Analysts at S&P Capital IQ Equity Research have changed their assessment for the European Construction sector to Marketweight from Underweight. “We expect construction output to decline by a further 0.4% in 2013 and believe that global lead indicators are near their troughs as the effects of European austerity measures are already mostly priced in,” says Jawahar Hingorani, S&P Capital IQ Equity Analyst.

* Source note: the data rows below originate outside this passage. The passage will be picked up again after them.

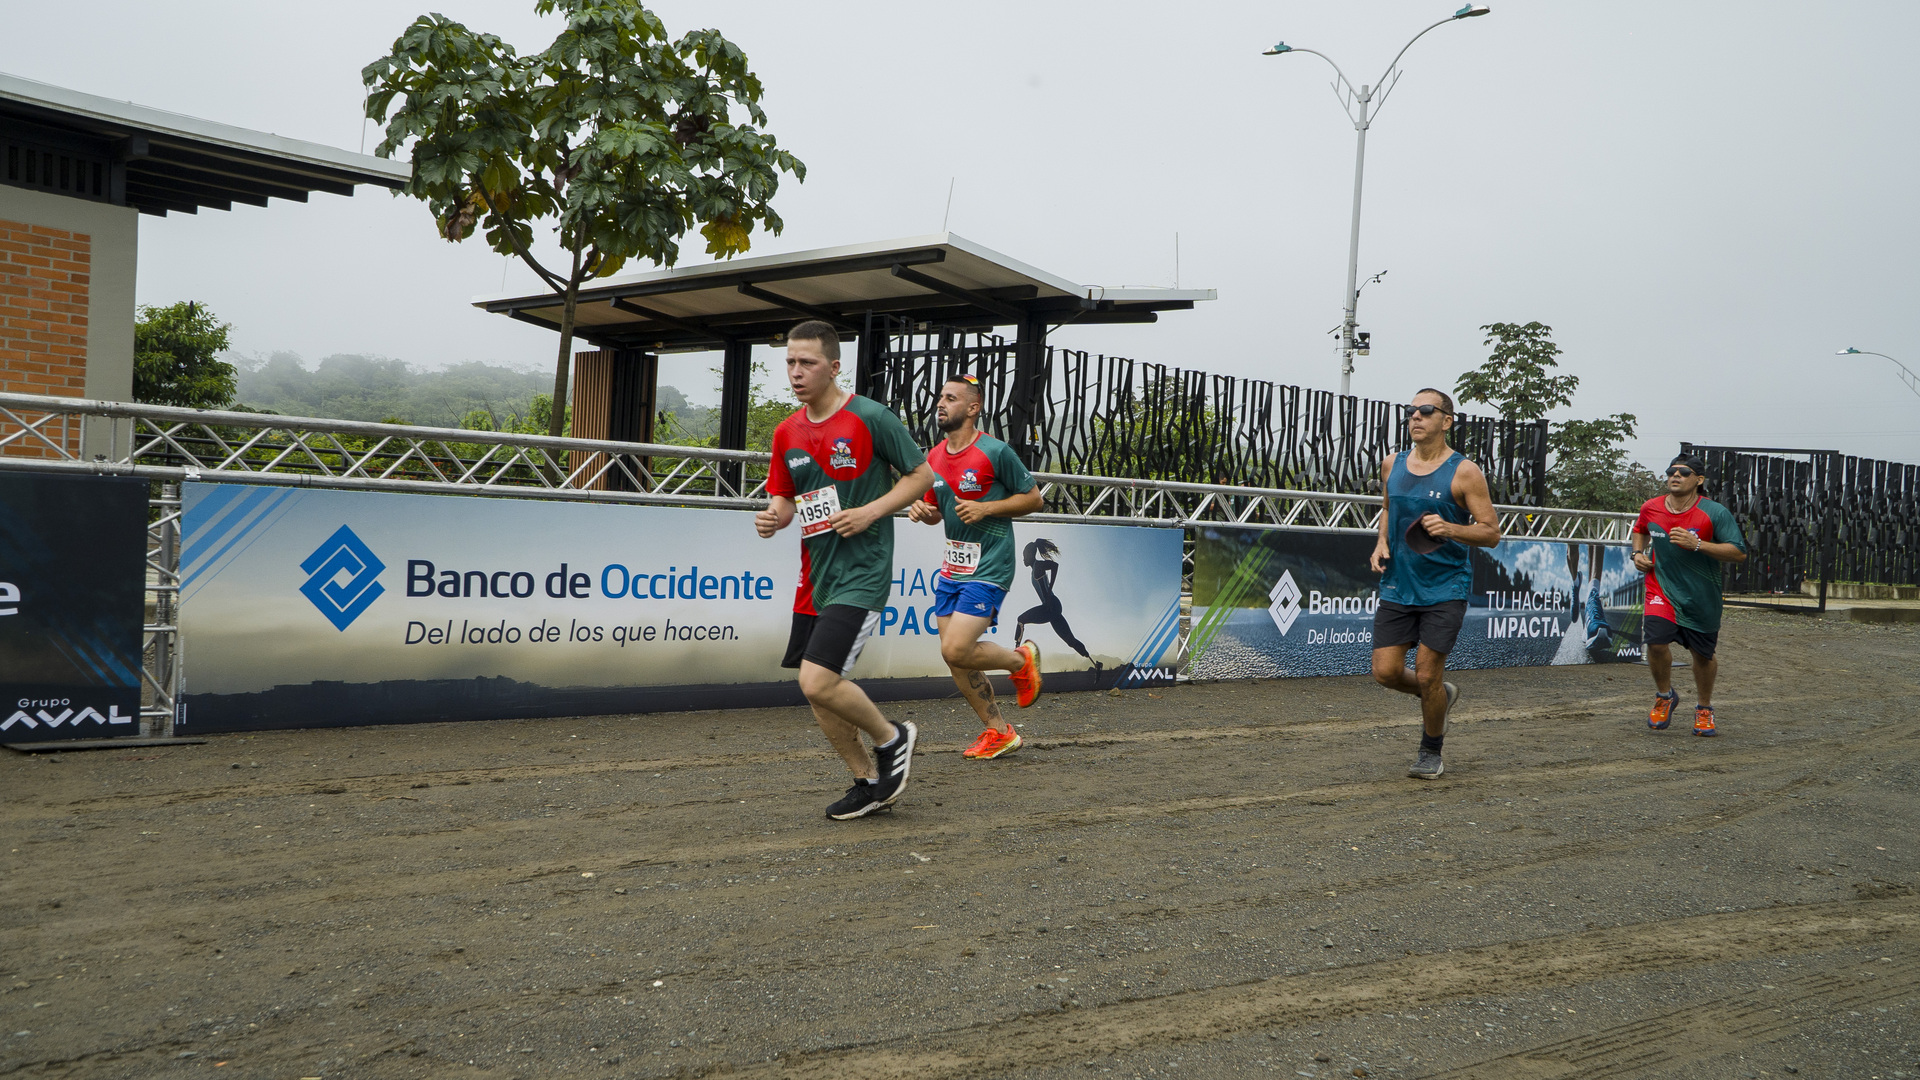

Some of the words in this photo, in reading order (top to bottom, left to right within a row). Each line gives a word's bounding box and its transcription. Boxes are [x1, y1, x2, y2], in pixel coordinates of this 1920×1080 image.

[800, 502, 831, 522] 1956
[948, 550, 971, 564] 1351
[407, 559, 534, 598] Banco
[545, 563, 590, 598] de
[600, 563, 774, 600] Occidente
[1308, 590, 1362, 614] Banco
[1486, 590, 1506, 612] TU
[1511, 590, 1565, 614] HACER,
[405, 620, 452, 645] Del
[460, 619, 522, 644] lado
[529, 618, 562, 643] de
[569, 618, 604, 642] los
[612, 620, 656, 648] que
[664, 618, 740, 641] hacen.
[1307, 628, 1328, 644] Del
[1330, 628, 1356, 644] lado
[1357, 626, 1372, 642] de
[1488, 616, 1565, 638] IMPACTA.
[1616, 648, 1642, 656] AVAL
[1128, 668, 1174, 680] AVAL
[18, 698, 70, 708] Grupo
[0, 705, 132, 731] AVAL

Overall, the construction sector has made good progress on balance sheet repair. Nevertheless, year-to-date (30 November 2012) the sector has underperformed the S&P Europe 350 by 4% and currently trades at a c.9% premium on forward P/E to the market versus the average 10-year historical premium of 11%. “In our view, based on the sector’s high exposure to Europe, which we estimate generates approximately 68% of its revenue in 2012, it is not out of the question that there is a further contraction in this premium in the near term before we see a reversion to the mean,” summarises Hingorani. “Public finances in Europe are tight; therefore an increase in civil construction projects is unlikely. However, we see potential opportunities in the emerging markets and the US.”

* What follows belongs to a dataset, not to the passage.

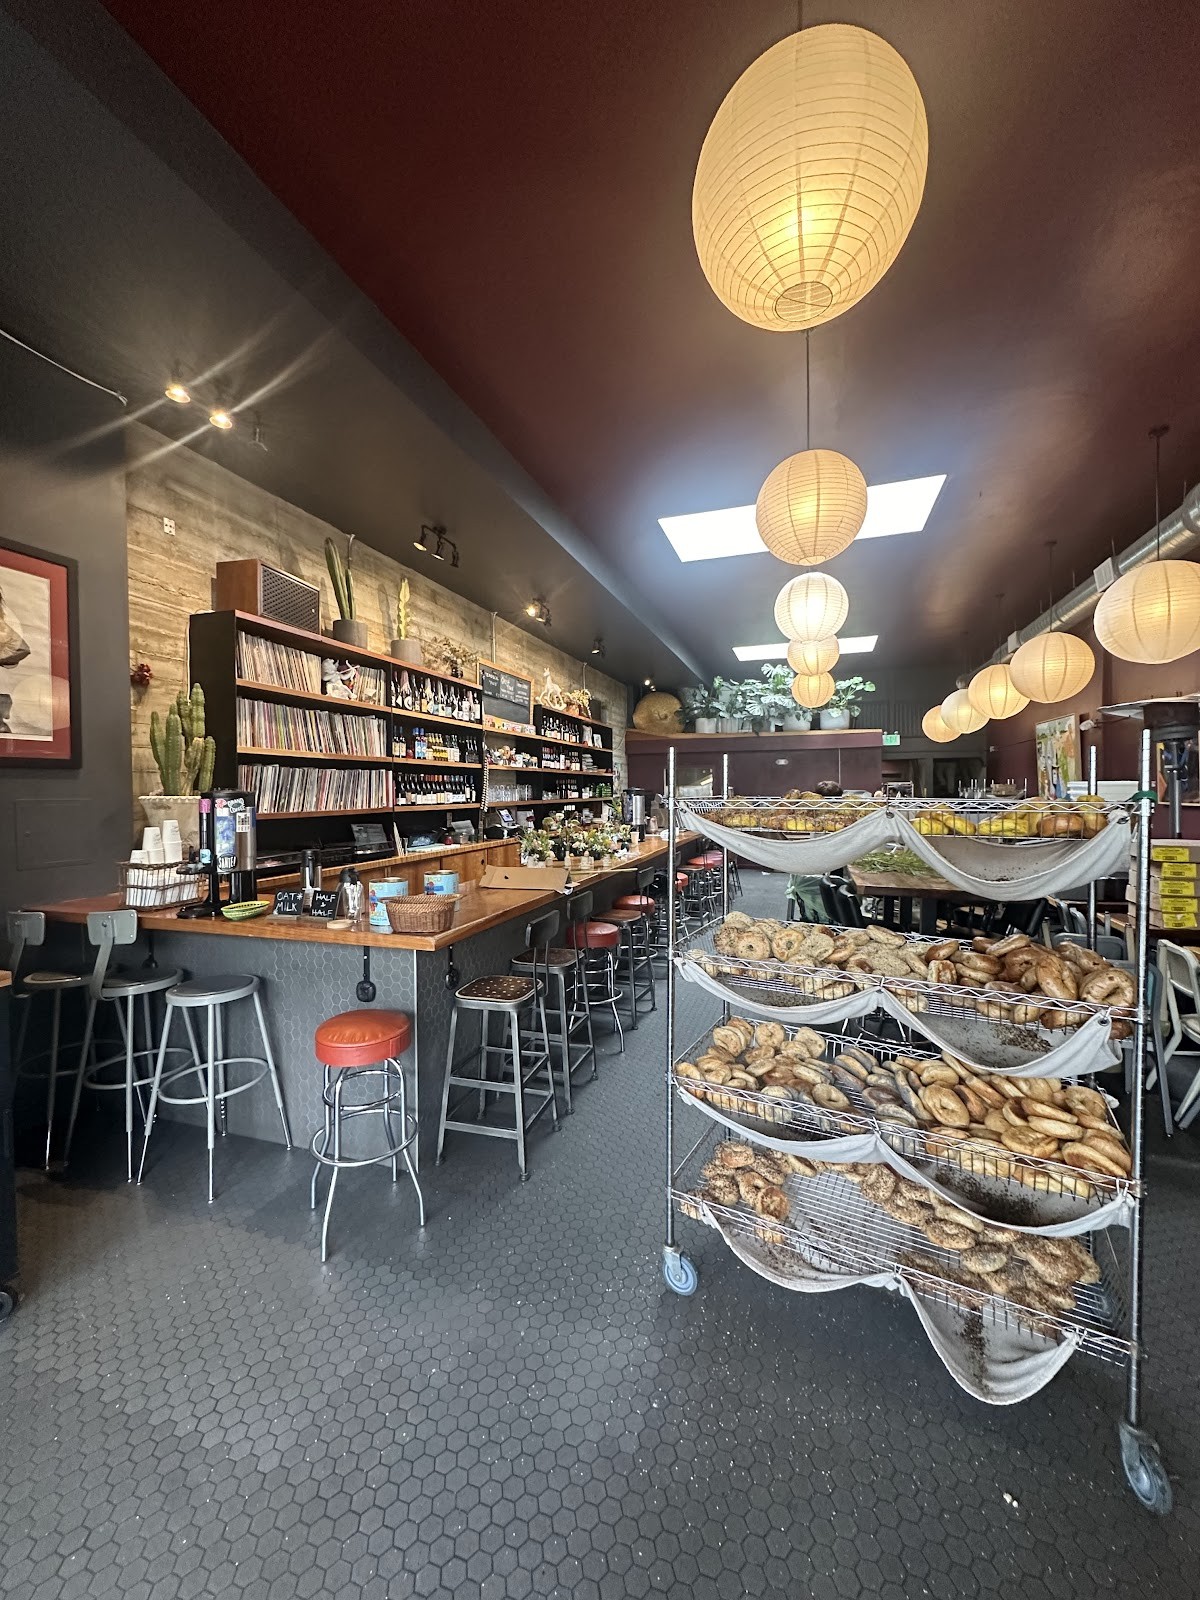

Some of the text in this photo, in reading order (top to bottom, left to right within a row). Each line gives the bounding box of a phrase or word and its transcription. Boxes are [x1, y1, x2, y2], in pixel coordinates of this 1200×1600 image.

S&P Capital IQ Equity Research sees four key themes for European contractors in the near term: austerity, deleveraging, diversity, and dividends. “The impact of austerity is negative for the sector as a whole, while deleveraging to shore up balance sheets comes with reinvestment risk,” comments Hingorani. “We view exposure to emerging markets and non-construction diversification positively; this can generate steady cash flows which in turn lead to higher dividends”.
In the long term, Hingorani is positive on European civil contractors with a significant emerging market footprint: “In our opinion, there is a need to develop infrastructure in faster growing economies. The emerging markets are characterised by a burgeoning middle class, rapid urbanisation and environmental challenges. Companies in our coverage well positioned to benefit from this include Skanska, Hochtief and Ferrovial, as they established positions in Latin America and Asia Pacific via acquisitions prior to the onset of the global financial crisis”.